### Material for the task
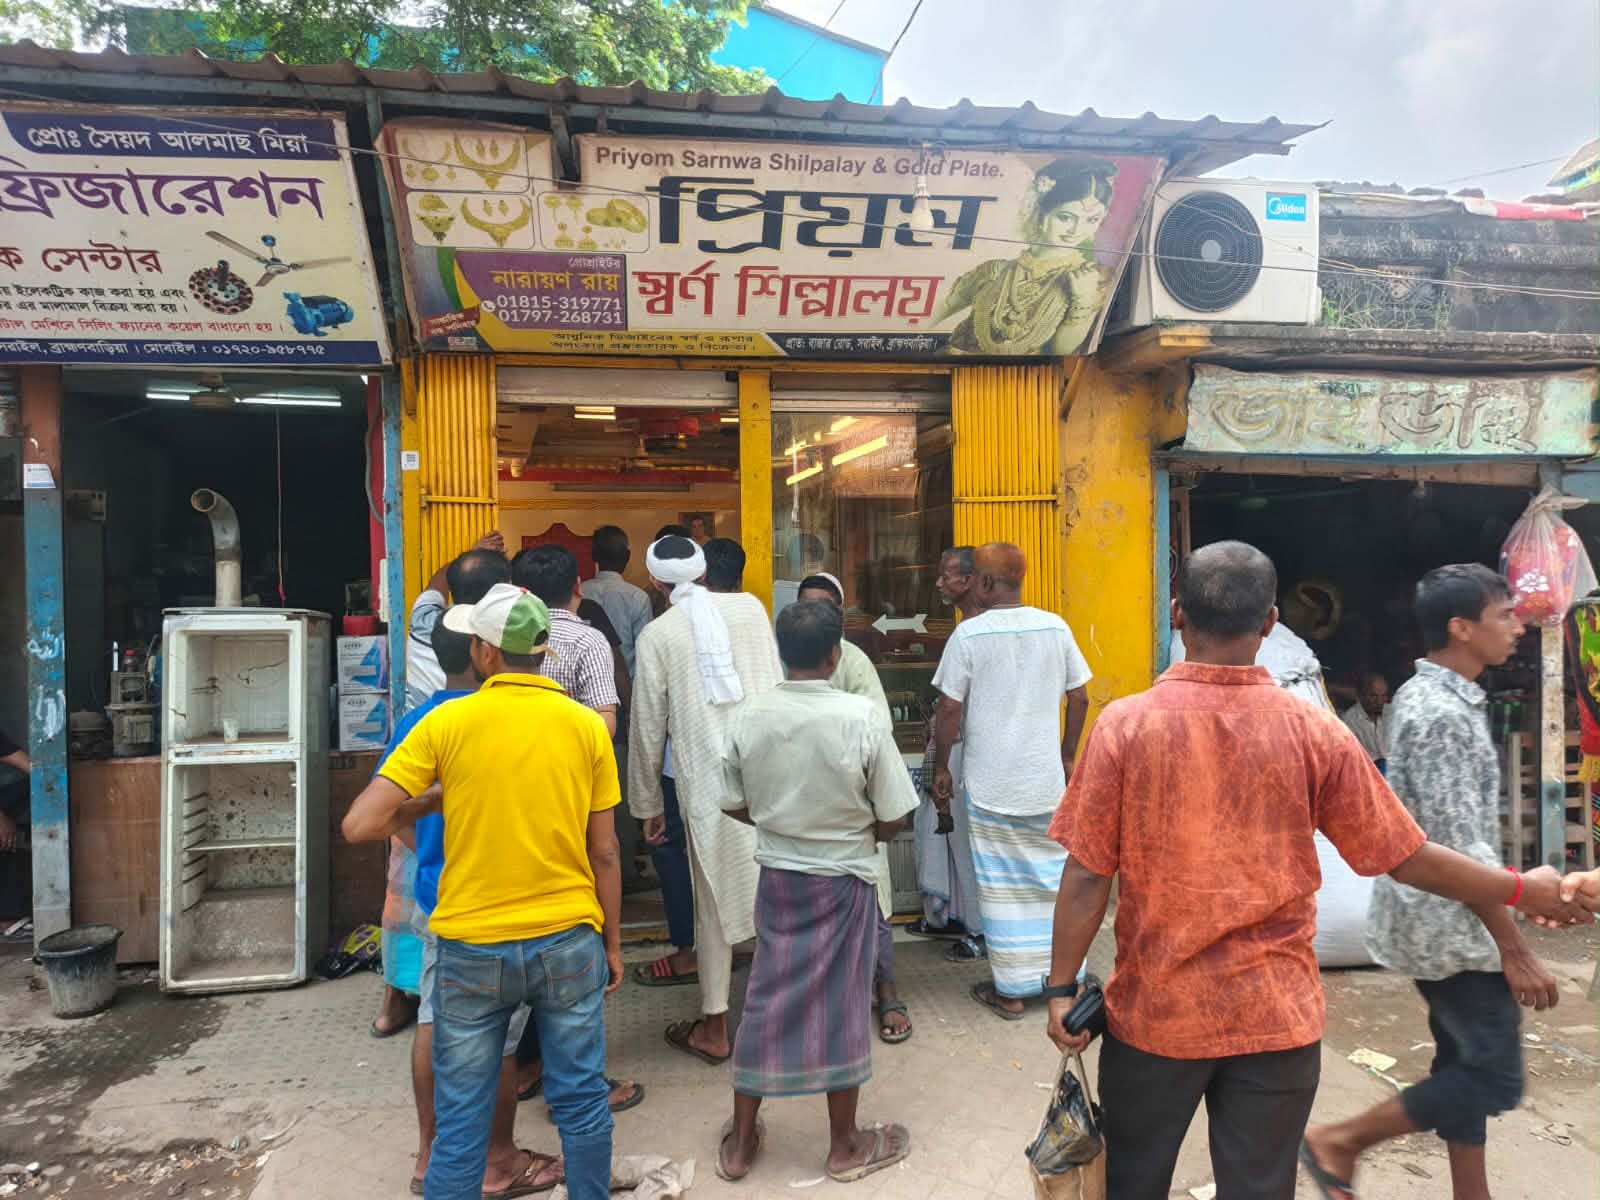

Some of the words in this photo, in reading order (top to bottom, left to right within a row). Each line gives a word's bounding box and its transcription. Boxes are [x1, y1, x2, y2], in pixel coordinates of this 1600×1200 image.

[27, 126, 81, 148] প্রোঃ
[80, 123, 152, 150] সৈয়দ
[158, 131, 256, 154] আলমাছ
[257, 127, 309, 153] মিয়া
[596, 145, 674, 170] Priyom
[681, 150, 761, 170] Sarnwa
[769, 152, 866, 177] Shilpalay
[872, 156, 887, 174] &
[895, 157, 945, 176] Gold
[951, 159, 1005, 178] Plate.
[0, 155, 325, 219] ফ্রিজারেশন
[645, 176, 998, 258] প্রিয়ম
[1268, 197, 1305, 215] Midea
[41, 239, 163, 273] সেন্টার
[108, 287, 134, 298] করা
[138, 288, 155, 298] হয়
[160, 288, 186, 298] এবং
[489, 269, 573, 291] নারায়ণ
[578, 272, 621, 292] রায়
[632, 259, 720, 316] স্বর্ণ
[735, 265, 944, 324] শিল্পালয়
[131, 302, 157, 313] করা
[160, 303, 178, 313] হয়
[497, 294, 623, 310] 01815-319771
[499, 309, 624, 325] 01797-268731
######
** Task to carry out **
Skip the pictures. Restate everything else in the records word for word.

** Solution to this task **
Some of the words in this photo, in reading order (top to bottom, left to right within a row). Each line gives a word's bounding box and its transcription. Boxes are [x1, y1, x2, y2], in pixel coordinates of this 1600×1200 image.

[27, 126, 81, 148] প্রোঃ
[80, 123, 152, 150] সৈয়দ
[158, 131, 256, 154] আলমাছ
[257, 127, 309, 153] মিয়া
[596, 145, 674, 170] Priyom
[681, 150, 761, 170] Sarnwa
[769, 152, 866, 177] Shilpalay
[872, 156, 887, 174] &
[895, 157, 945, 176] Gold
[951, 159, 1005, 178] Plate.
[0, 155, 325, 219] ফ্রিজারেশন
[645, 176, 998, 258] প্রিয়ম
[1268, 197, 1305, 215] Midea
[41, 239, 163, 273] সেন্টার
[108, 287, 134, 298] করা
[138, 288, 155, 298] হয়
[160, 288, 186, 298] এবং
[489, 269, 573, 291] নারায়ণ
[578, 272, 621, 292] রায়
[632, 259, 720, 316] স্বর্ণ
[735, 265, 944, 324] শিল্পালয়
[131, 302, 157, 313] করা
[160, 303, 178, 313] হয়
[497, 294, 623, 310] 01815-319771
[499, 309, 624, 325] 01797-268731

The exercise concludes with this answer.